Images excluded, return every record exactly as it reads.

◆ DATA EXTRACT:
○ ○ ○ ○

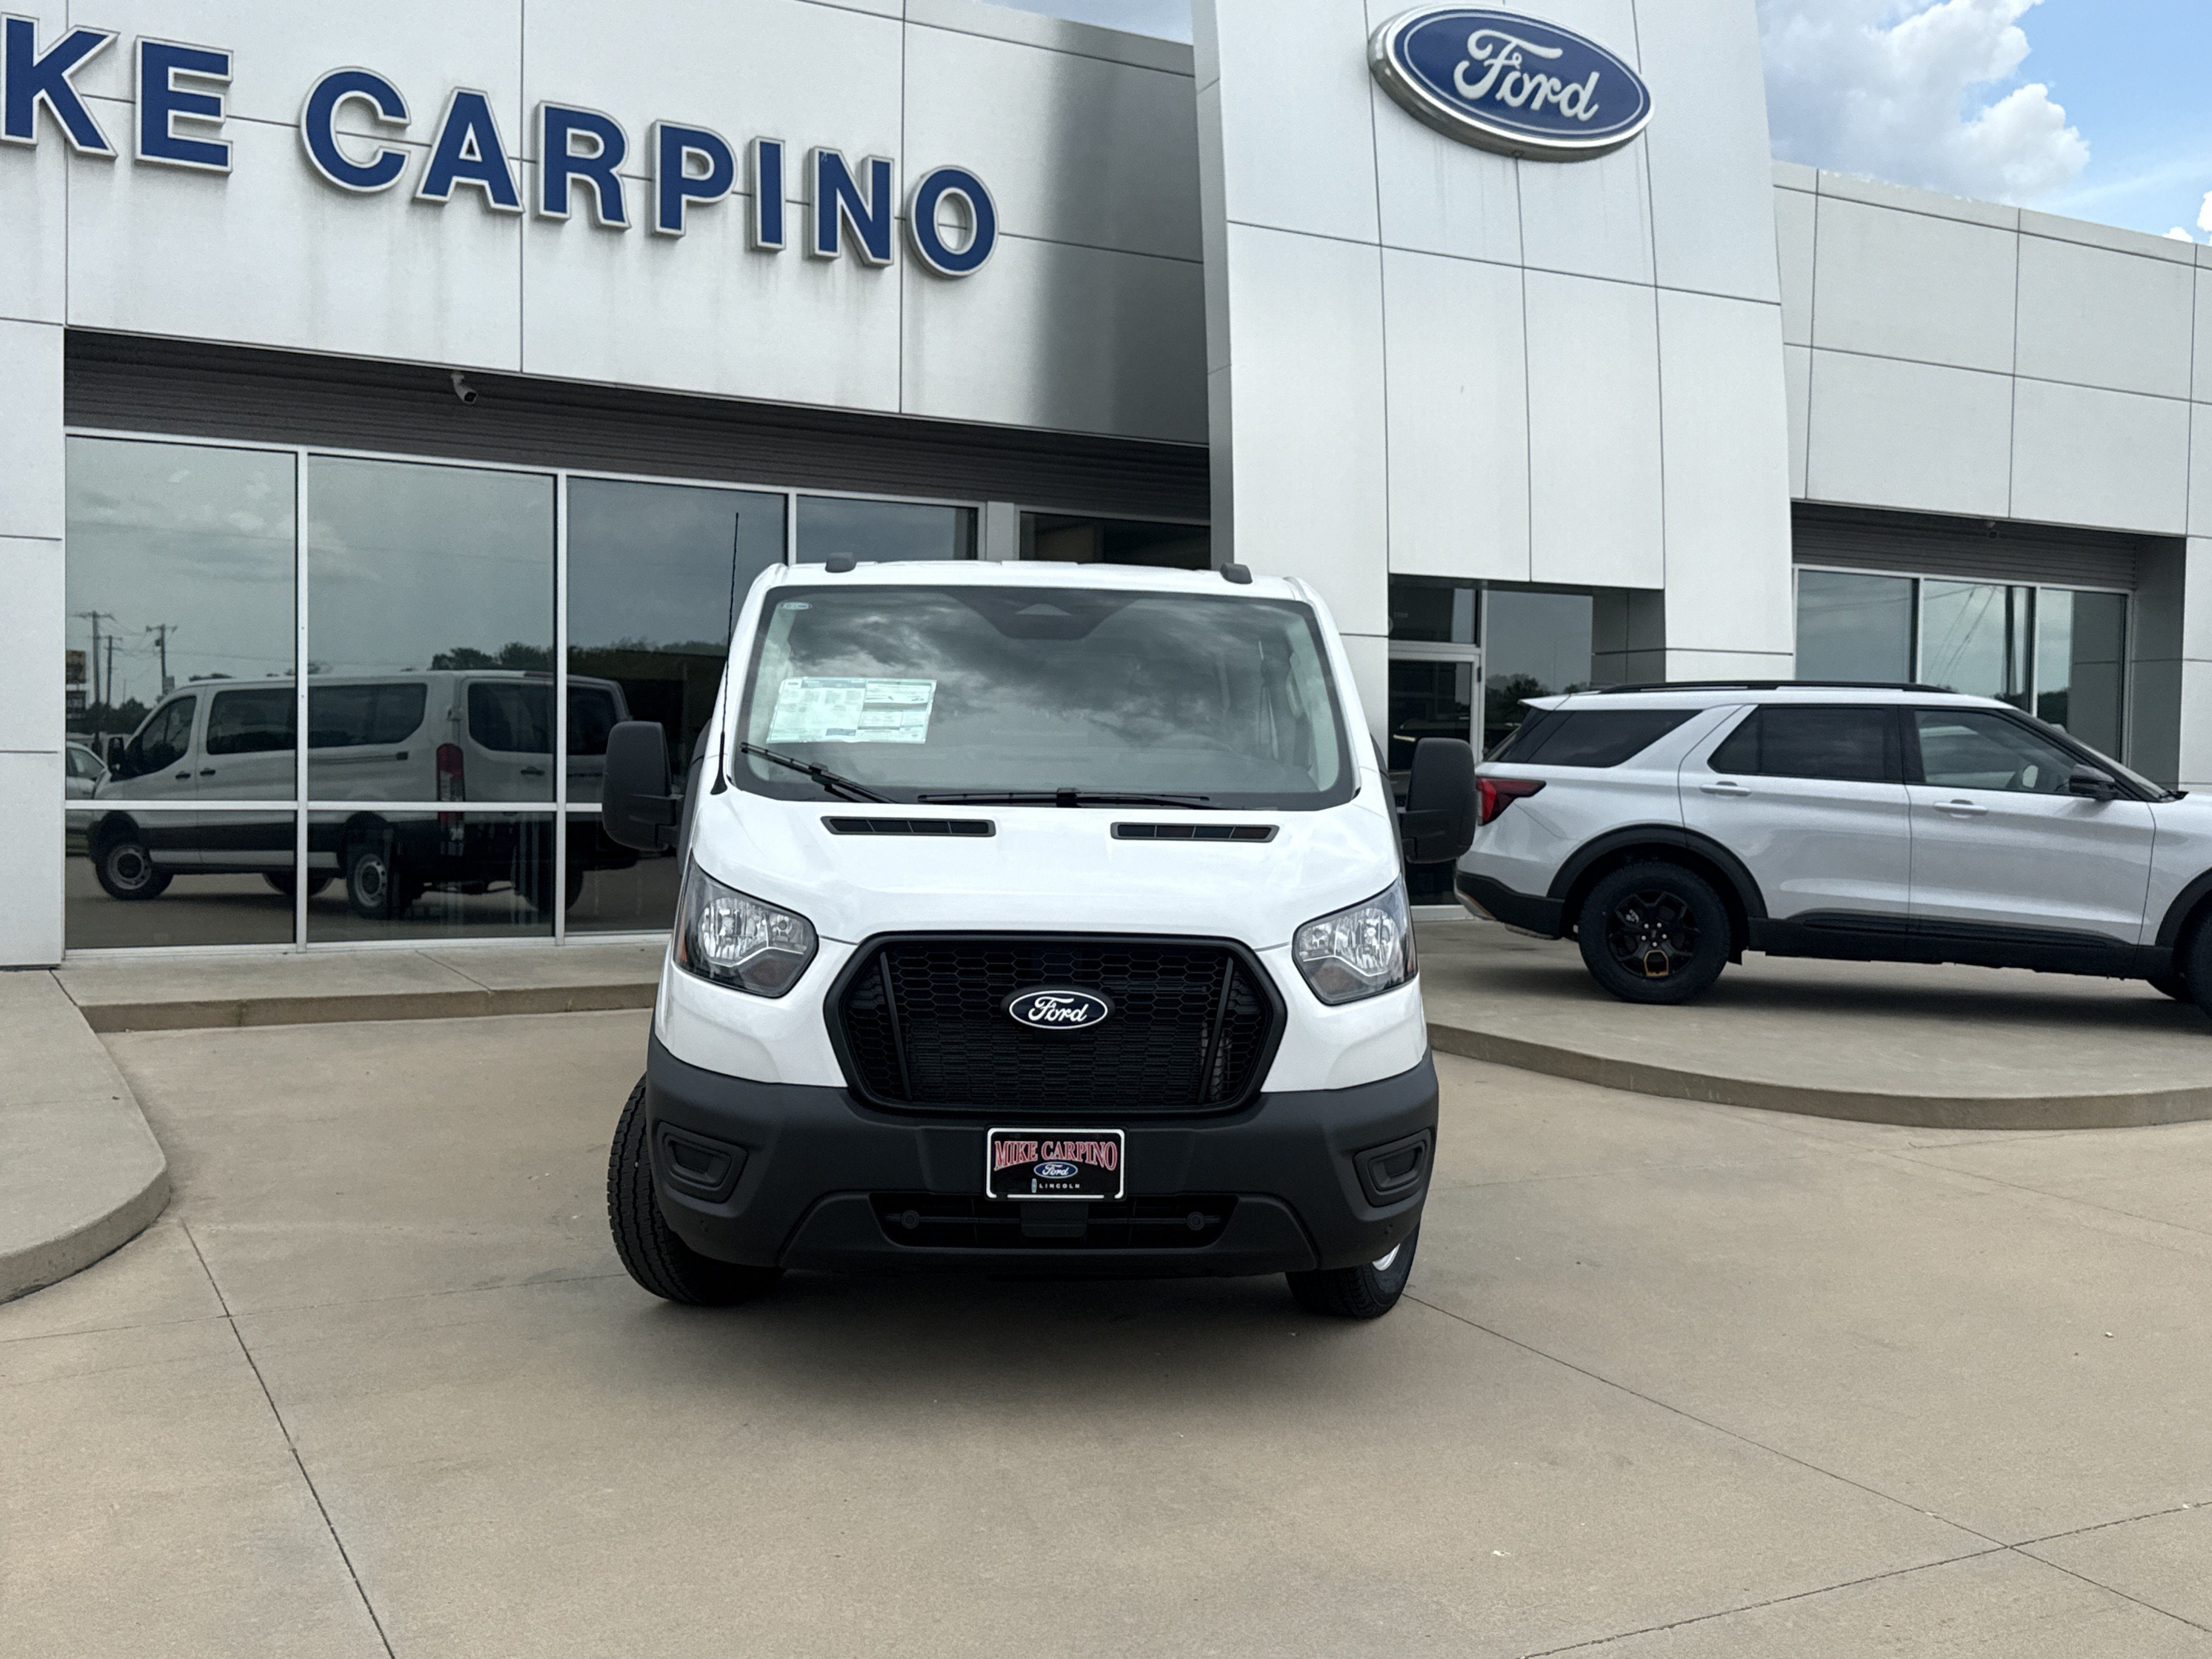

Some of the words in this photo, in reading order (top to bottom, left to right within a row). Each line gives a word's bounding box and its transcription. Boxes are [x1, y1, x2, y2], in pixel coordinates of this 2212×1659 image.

[1453, 29, 1600, 121] Ford
[299, 65, 998, 278] CARPINO
[1028, 996, 1090, 1022] Ford
[994, 1141, 1039, 1172] MIKE
[1041, 1141, 1118, 1171] CARPINO
[1042, 1163, 1070, 1176] Ford
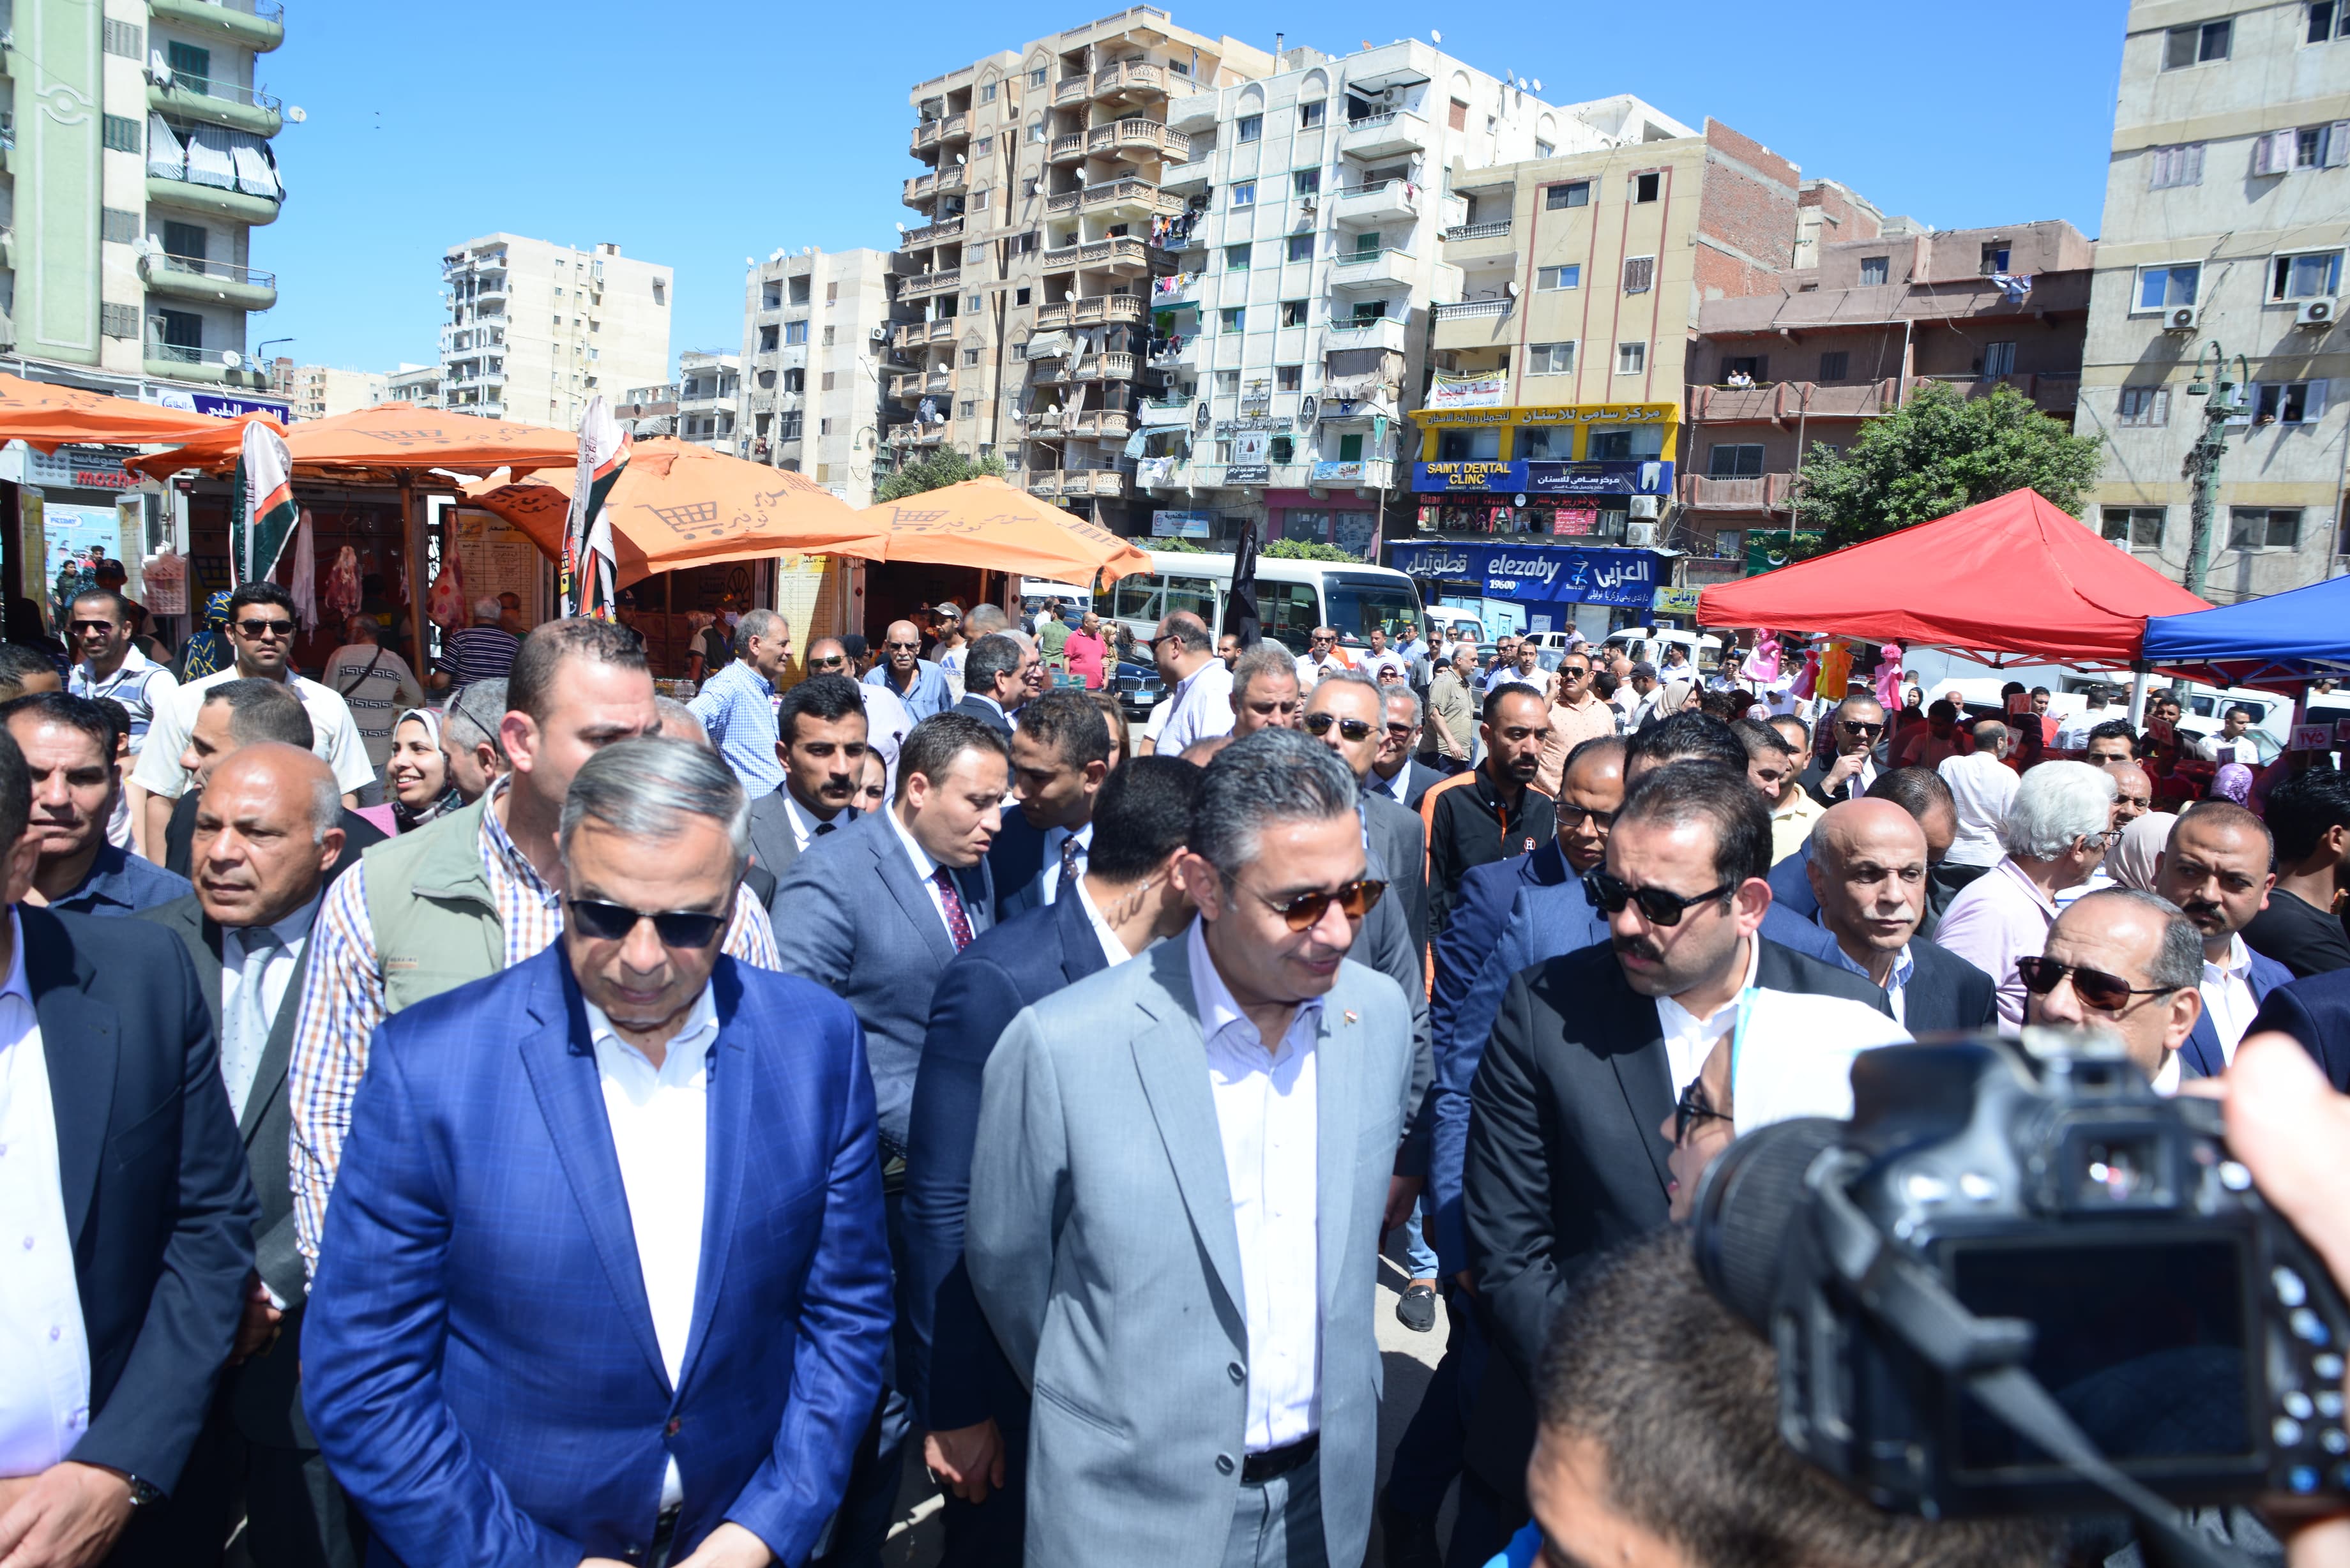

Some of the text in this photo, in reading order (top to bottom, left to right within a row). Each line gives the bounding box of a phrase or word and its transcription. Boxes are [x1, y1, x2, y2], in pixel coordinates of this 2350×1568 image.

[1436, 379, 1501, 402] شقة للبيع
[1522, 407, 1577, 423] للاسنان
[1579, 409, 1619, 422] سامى
[1622, 407, 1660, 422] مركز
[1427, 463, 1512, 474] SAMY DENTAL
[1449, 474, 1486, 485] CLINC
[1570, 476, 1598, 485] سامى
[1598, 476, 1620, 485] مركز
[1406, 553, 1468, 578] قطونيل
[1488, 554, 1561, 584] elezaby
[1489, 579, 1517, 590] 19600
[1526, 840, 1533, 850] H

○ ○ ○ ○

◆ EXPECTED OUTPUT:
Some of the words in this photo, in reading order (top to bottom, left to right within a row). Each line gives a word's bounding box and its transcription. Boxes are [x1, y1, x2, y2], in pixel coordinates of this 2212×1659 image.

[1453, 29, 1600, 121] Ford
[299, 65, 998, 278] CARPINO
[1028, 996, 1090, 1022] Ford
[994, 1141, 1039, 1172] MIKE
[1041, 1141, 1118, 1171] CARPINO
[1042, 1163, 1070, 1176] Ford

Some of the text in this photo, in reading order (top to bottom, left to right within a row). Each line gives the bounding box of a phrase or word and its transcription. Boxes are [x1, y1, x2, y2], in pixel coordinates of this 2350×1568 image.

[1436, 379, 1501, 402] شقة للبيع
[1522, 407, 1577, 423] للاسنان
[1579, 409, 1619, 422] سامى
[1622, 407, 1660, 422] مركز
[1427, 463, 1512, 474] SAMY DENTAL
[1449, 474, 1486, 485] CLINC
[1570, 476, 1598, 485] سامى
[1598, 476, 1620, 485] مركز
[1406, 553, 1468, 578] قطونيل
[1488, 554, 1561, 584] elezaby
[1489, 579, 1517, 590] 19600
[1526, 840, 1533, 850] H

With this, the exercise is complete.